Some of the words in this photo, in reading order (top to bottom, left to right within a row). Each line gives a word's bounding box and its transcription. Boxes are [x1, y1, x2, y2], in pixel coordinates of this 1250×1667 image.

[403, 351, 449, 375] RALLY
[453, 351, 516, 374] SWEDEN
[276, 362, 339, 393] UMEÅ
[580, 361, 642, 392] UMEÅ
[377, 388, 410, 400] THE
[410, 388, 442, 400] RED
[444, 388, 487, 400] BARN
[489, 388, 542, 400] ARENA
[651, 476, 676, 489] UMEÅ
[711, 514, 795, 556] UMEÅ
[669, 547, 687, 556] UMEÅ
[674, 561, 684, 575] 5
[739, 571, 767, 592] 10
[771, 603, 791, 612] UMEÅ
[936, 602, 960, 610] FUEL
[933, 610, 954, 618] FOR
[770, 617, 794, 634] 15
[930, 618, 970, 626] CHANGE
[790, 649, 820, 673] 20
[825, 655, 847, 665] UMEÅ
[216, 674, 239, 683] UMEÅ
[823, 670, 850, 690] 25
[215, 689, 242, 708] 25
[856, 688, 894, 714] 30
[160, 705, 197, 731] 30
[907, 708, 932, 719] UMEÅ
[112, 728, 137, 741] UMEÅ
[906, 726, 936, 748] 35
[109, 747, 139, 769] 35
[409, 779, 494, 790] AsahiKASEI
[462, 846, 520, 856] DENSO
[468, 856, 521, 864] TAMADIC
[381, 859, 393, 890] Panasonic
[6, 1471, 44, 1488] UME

◆ **PROMPT**
Word for word, output the records that appear above.

◆ **ANSWER BELOW**
Some of the words in this photo, in reading order (top to bottom, left to right within a row). Each line gives a word's bounding box and its transcription. Boxes are [x1, y1, x2, y2], in pixel coordinates of this 1250×1667 image.

[403, 351, 449, 375] RALLY
[453, 351, 516, 374] SWEDEN
[276, 362, 339, 393] UMEÅ
[580, 361, 642, 392] UMEÅ
[377, 388, 410, 400] THE
[410, 388, 442, 400] RED
[444, 388, 487, 400] BARN
[489, 388, 542, 400] ARENA
[651, 476, 676, 489] UMEÅ
[711, 514, 795, 556] UMEÅ
[669, 547, 687, 556] UMEÅ
[674, 561, 684, 575] 5
[739, 571, 767, 592] 10
[771, 603, 791, 612] UMEÅ
[936, 602, 960, 610] FUEL
[933, 610, 954, 618] FOR
[770, 617, 794, 634] 15
[930, 618, 970, 626] CHANGE
[790, 649, 820, 673] 20
[825, 655, 847, 665] UMEÅ
[216, 674, 239, 683] UMEÅ
[823, 670, 850, 690] 25
[215, 689, 242, 708] 25
[856, 688, 894, 714] 30
[160, 705, 197, 731] 30
[907, 708, 932, 719] UMEÅ
[112, 728, 137, 741] UMEÅ
[906, 726, 936, 748] 35
[109, 747, 139, 769] 35
[409, 779, 494, 790] AsahiKASEI
[462, 846, 520, 856] DENSO
[468, 856, 521, 864] TAMADIC
[381, 859, 393, 890] Panasonic
[6, 1471, 44, 1488] UME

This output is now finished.